--- Materials provided Enclosed Below ---
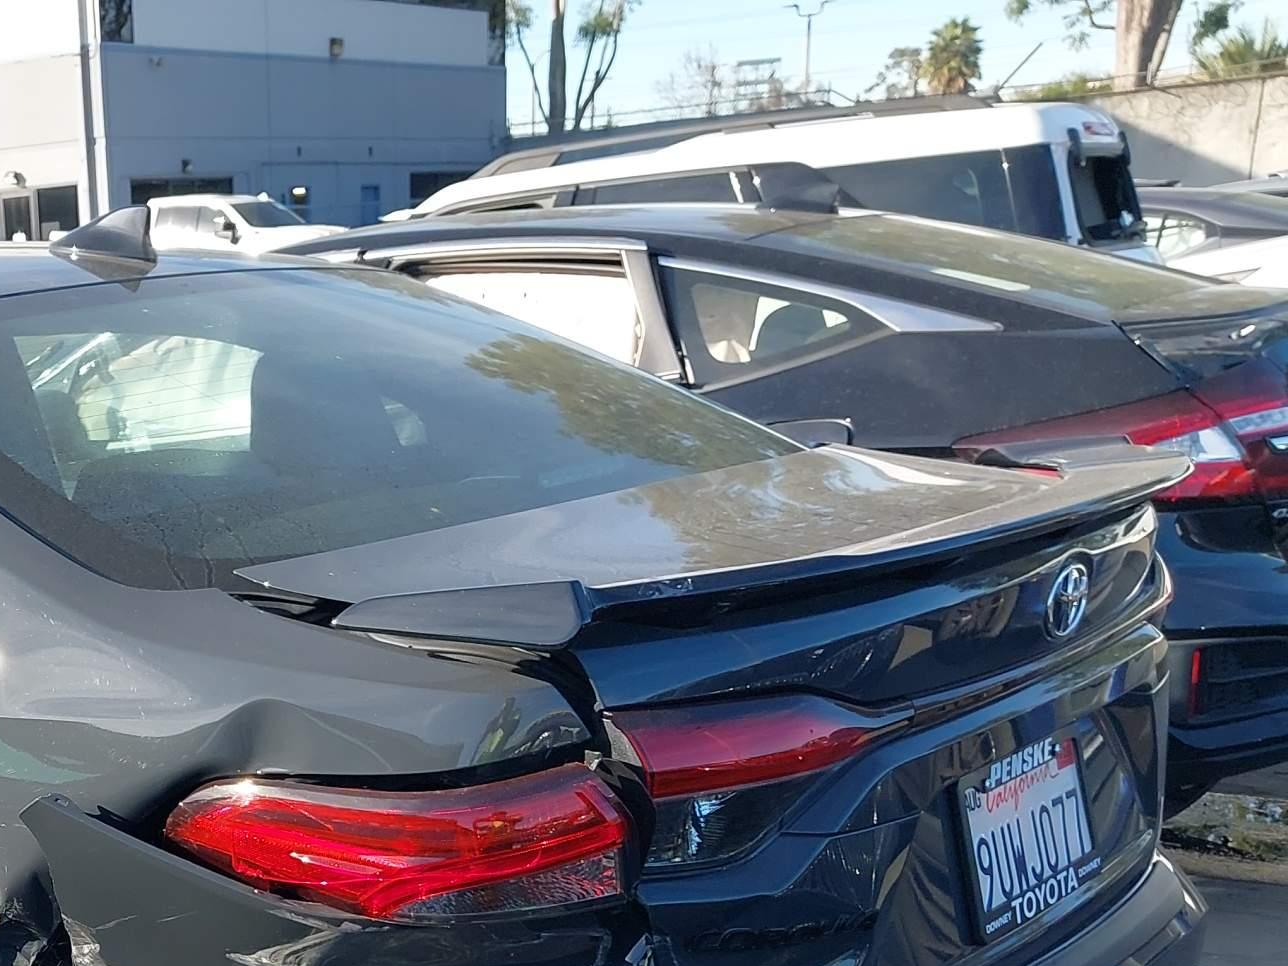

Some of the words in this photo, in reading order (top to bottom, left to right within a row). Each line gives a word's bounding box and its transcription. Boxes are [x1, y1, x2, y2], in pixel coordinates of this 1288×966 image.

[990, 738, 1054, 785] PENSKE
[985, 764, 1059, 814] California
[977, 788, 1092, 913] 9UWJ077
[1078, 857, 1102, 878] DOWNEY
[1011, 867, 1079, 925] TOYOTA
[985, 910, 1012, 935] DOWNEY
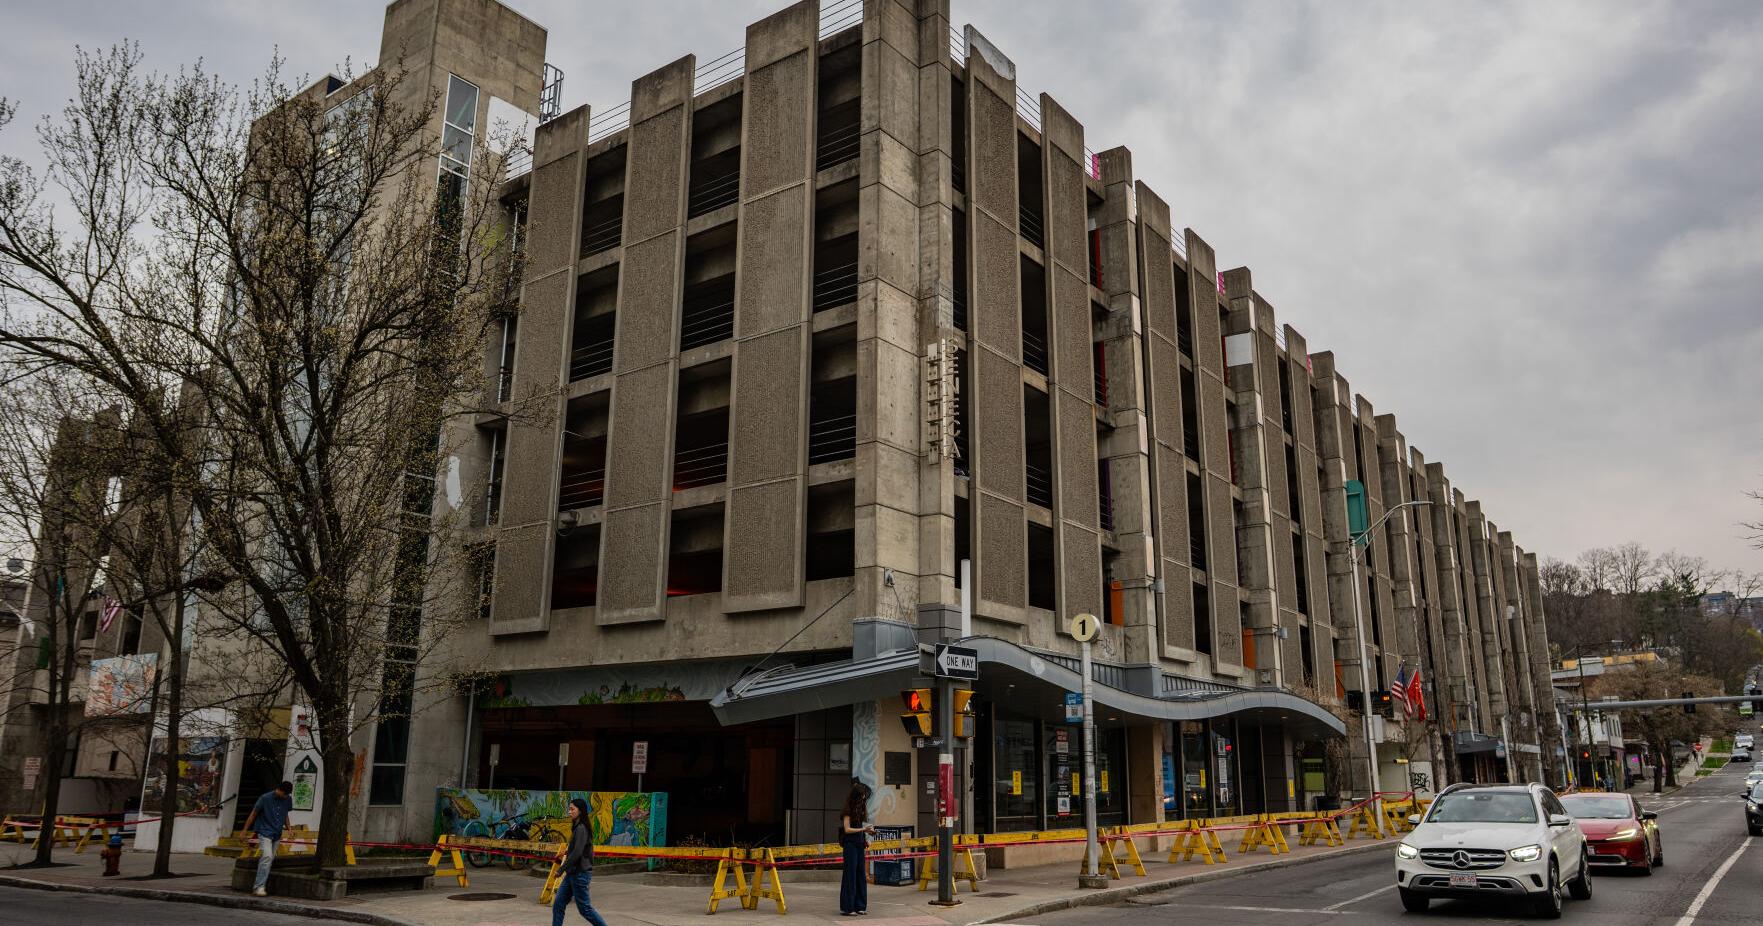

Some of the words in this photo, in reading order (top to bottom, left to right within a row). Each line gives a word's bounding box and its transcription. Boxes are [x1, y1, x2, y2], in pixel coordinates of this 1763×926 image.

[945, 337, 961, 459] SENECA
[1079, 619, 1086, 636] 1
[946, 655, 958, 667] ONE
[961, 656, 975, 669] WAY
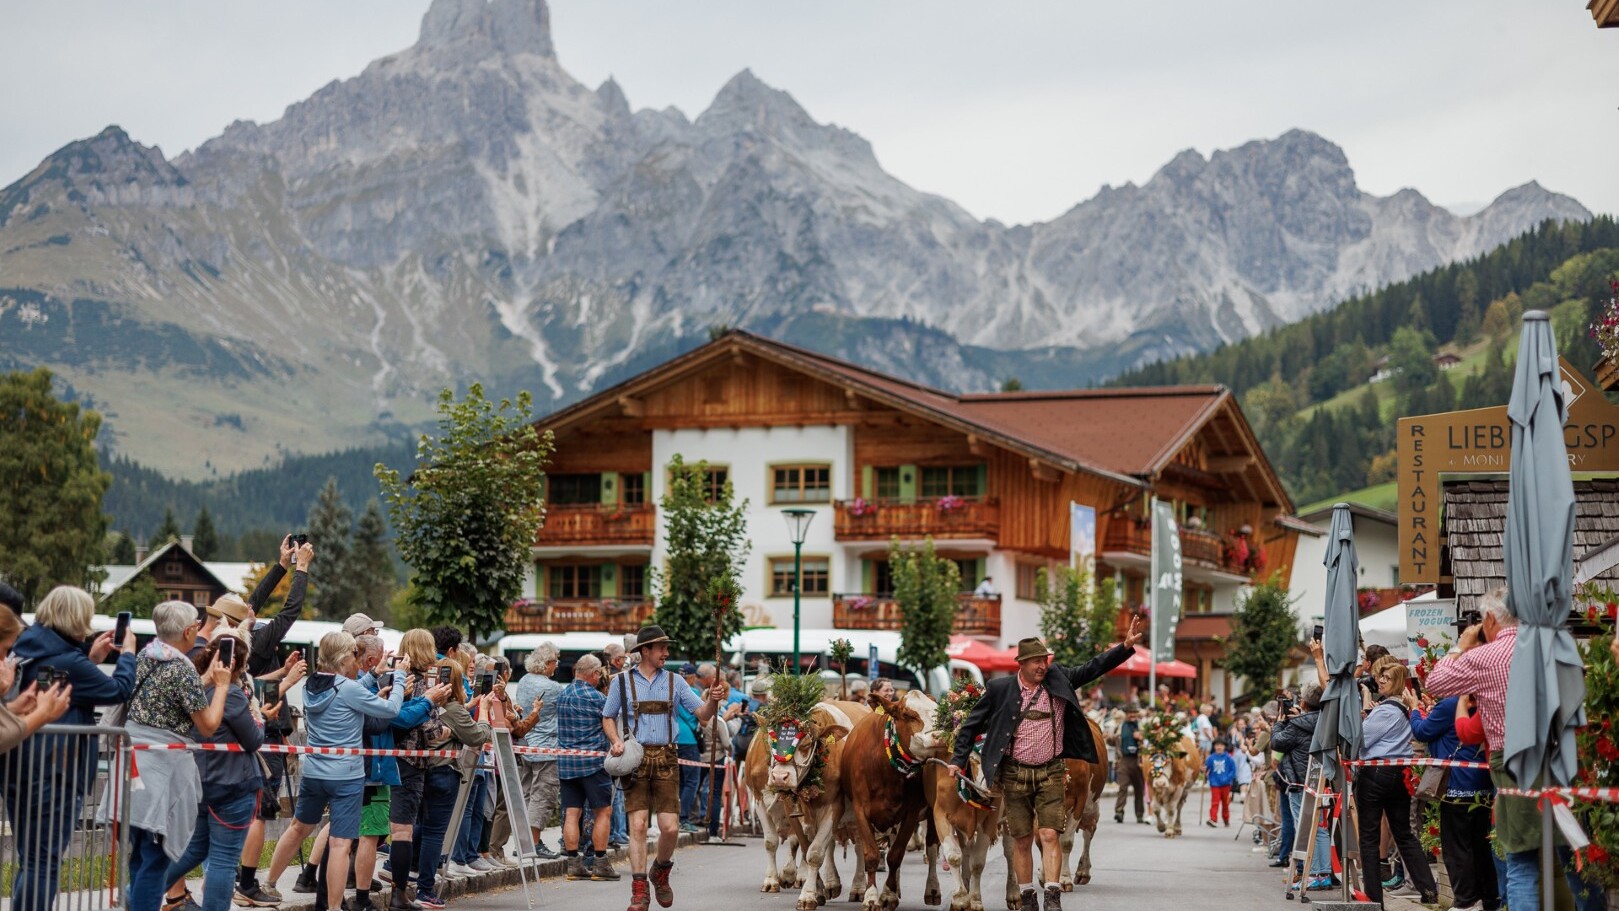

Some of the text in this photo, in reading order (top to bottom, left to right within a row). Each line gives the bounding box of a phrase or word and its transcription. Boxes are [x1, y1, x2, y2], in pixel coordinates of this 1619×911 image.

[1448, 424, 1616, 449] LIEBGSP
[1463, 454, 1504, 466] MONI
[1411, 425, 1427, 575] RESTAURANT
[1408, 608, 1444, 618] FROZEN
[1419, 616, 1454, 626] YOGURT
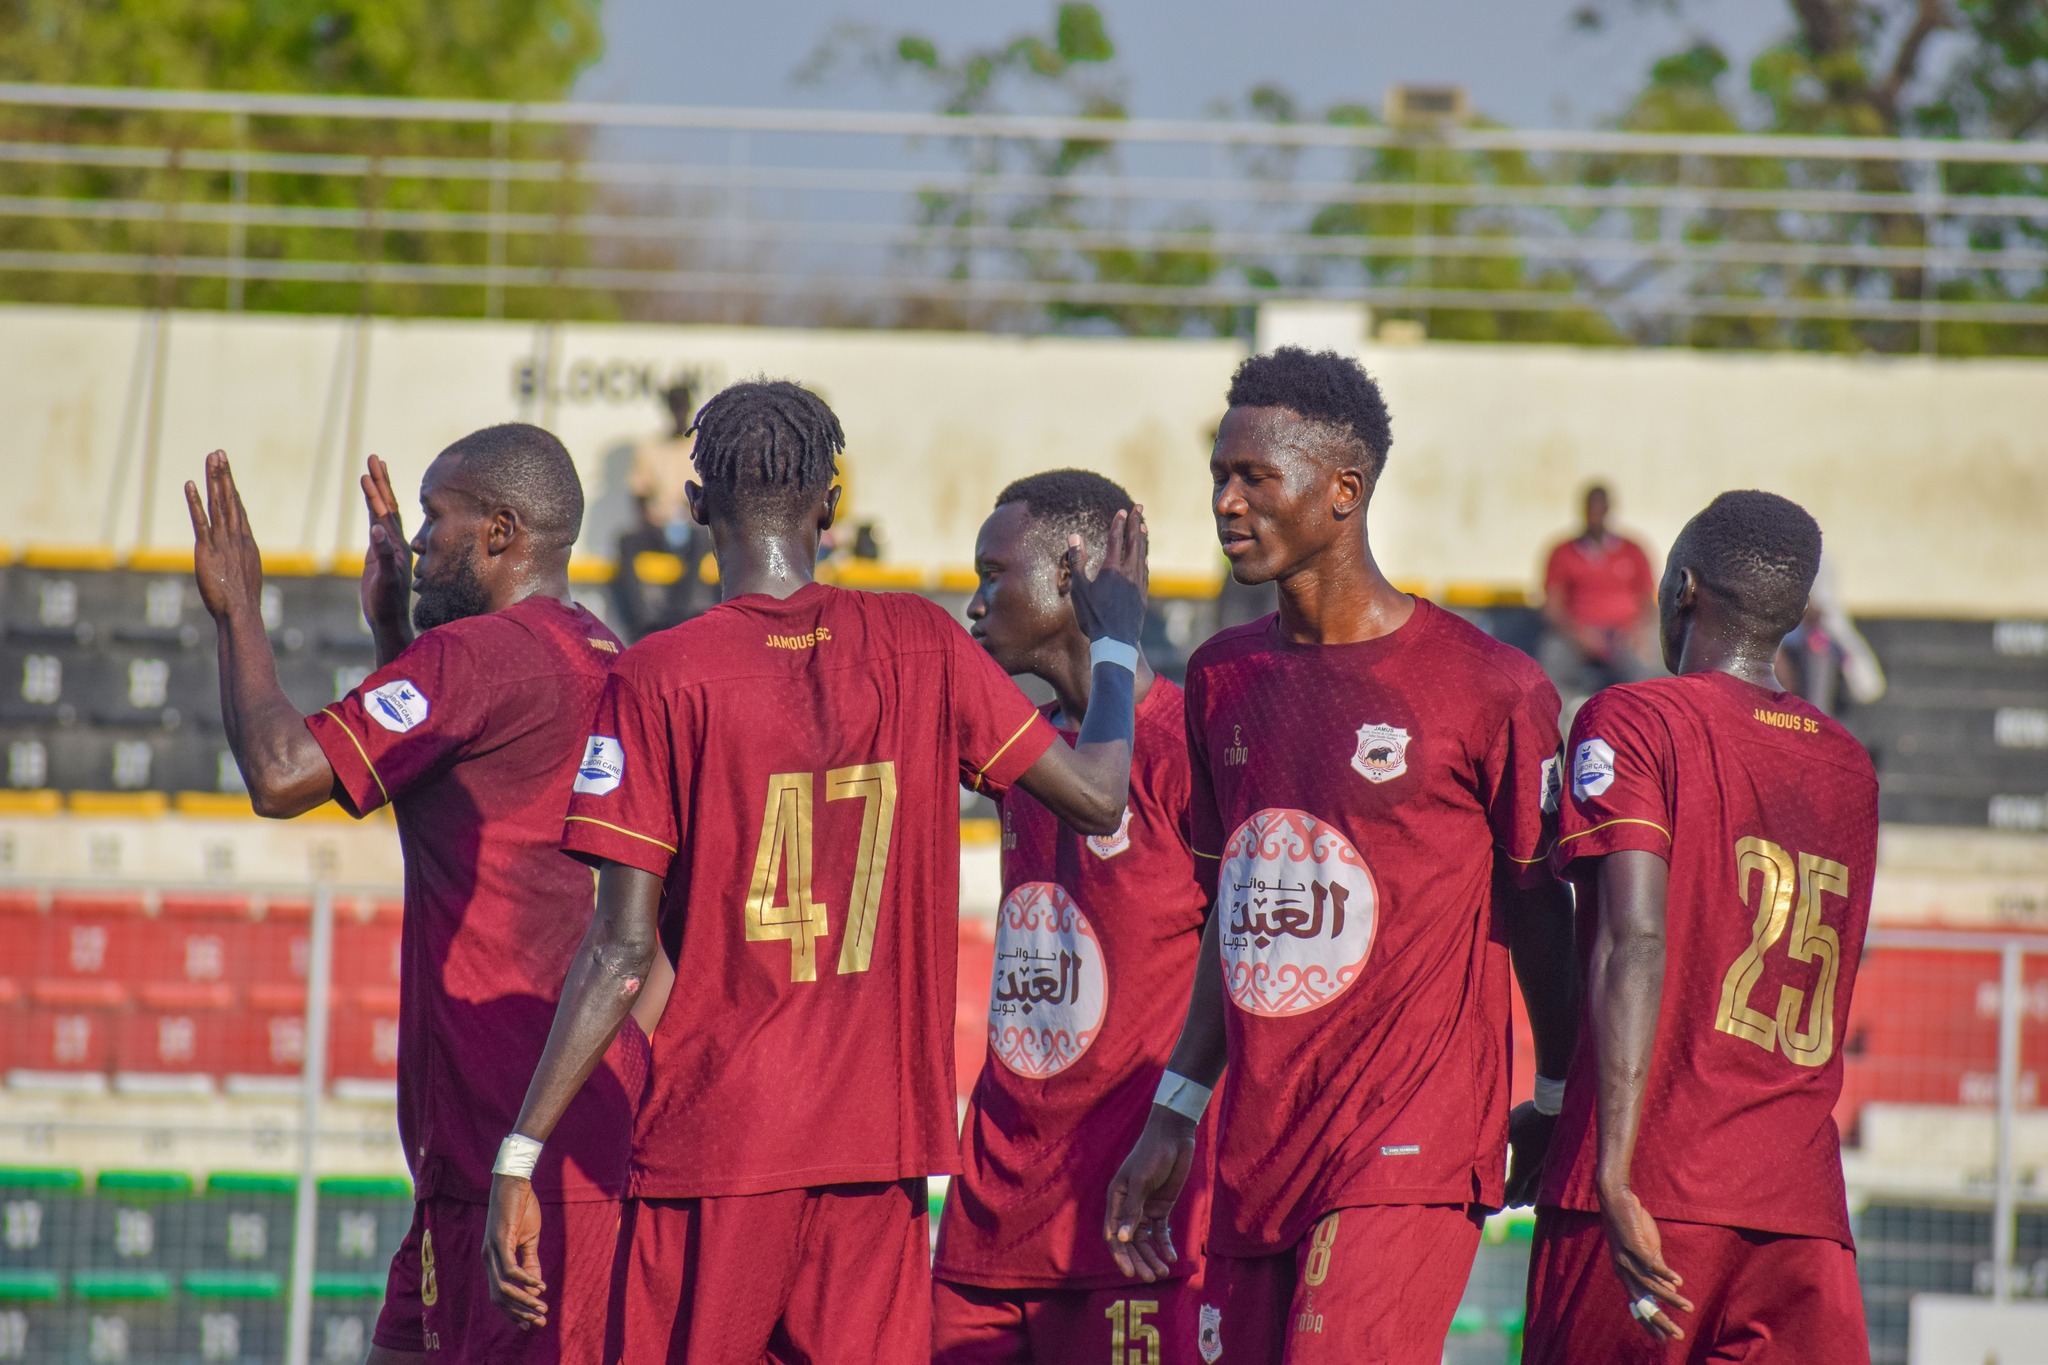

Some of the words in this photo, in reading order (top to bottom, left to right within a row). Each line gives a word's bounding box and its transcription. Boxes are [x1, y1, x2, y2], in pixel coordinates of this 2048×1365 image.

[766, 634, 815, 650] JAMOUS
[816, 627, 832, 640] SC
[401, 708, 415, 727] CARE
[1753, 708, 1801, 730] JAMOUS
[1804, 718, 1819, 733] SC
[602, 761, 621, 775] CARE
[1224, 747, 1249, 767] COPA
[745, 761, 898, 983] 47
[1714, 836, 1849, 1068] 25
[420, 1228, 438, 1307] 8
[1305, 1211, 1340, 1287] 8
[1105, 1299, 1160, 1365] 15
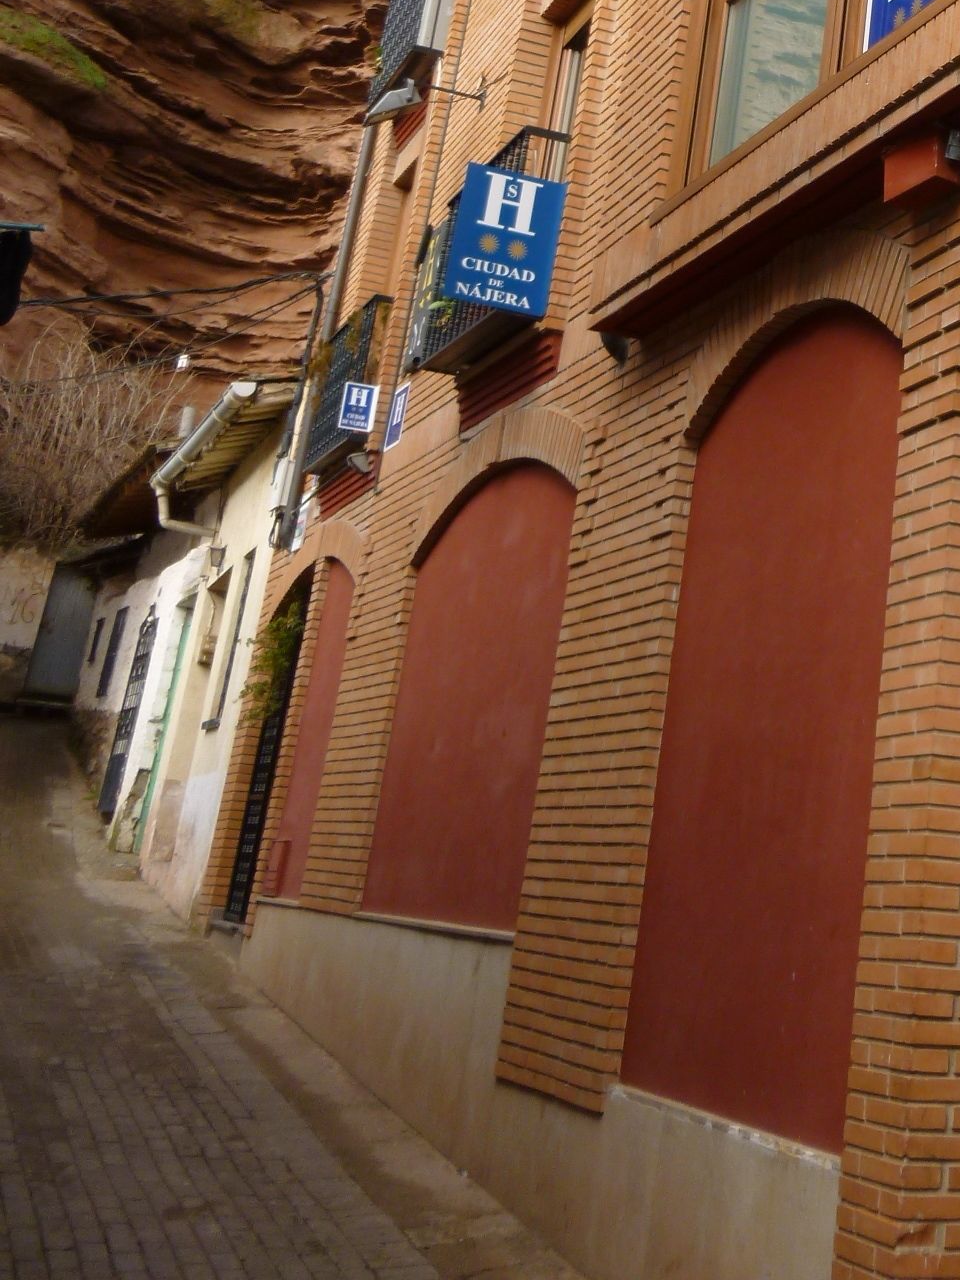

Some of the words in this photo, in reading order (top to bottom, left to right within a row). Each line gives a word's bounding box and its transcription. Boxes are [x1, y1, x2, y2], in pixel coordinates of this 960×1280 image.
--- End of Enclosed Materials provided ---
**Aim of the exercise**
Skip all pictures. Write out only the lines from the one containing "this 2048×1365 image." to the end of the listing above, inclusive, exactly as given.

**Written solution**
Some of the words in this photo, in reading order (top to bottom, left to right within a row). Each line gives a word's bounding box and its transcription. Boxes are [x1, y1, x2, y2], in pixel coordinates of this 2048×1365 image.

[766, 634, 815, 650] JAMOUS
[816, 627, 832, 640] SC
[401, 708, 415, 727] CARE
[1753, 708, 1801, 730] JAMOUS
[1804, 718, 1819, 733] SC
[602, 761, 621, 775] CARE
[1224, 747, 1249, 767] COPA
[745, 761, 898, 983] 47
[1714, 836, 1849, 1068] 25
[420, 1228, 438, 1307] 8
[1305, 1211, 1340, 1287] 8
[1105, 1299, 1160, 1365] 15

Some of the words in this photo, in reading order (top to bottom, left to right within a row). Each line gives a word's bounding box and its transcription. Boxes are [x1, y1, x2, y2], in pixel coordinates of this 960×1280 image.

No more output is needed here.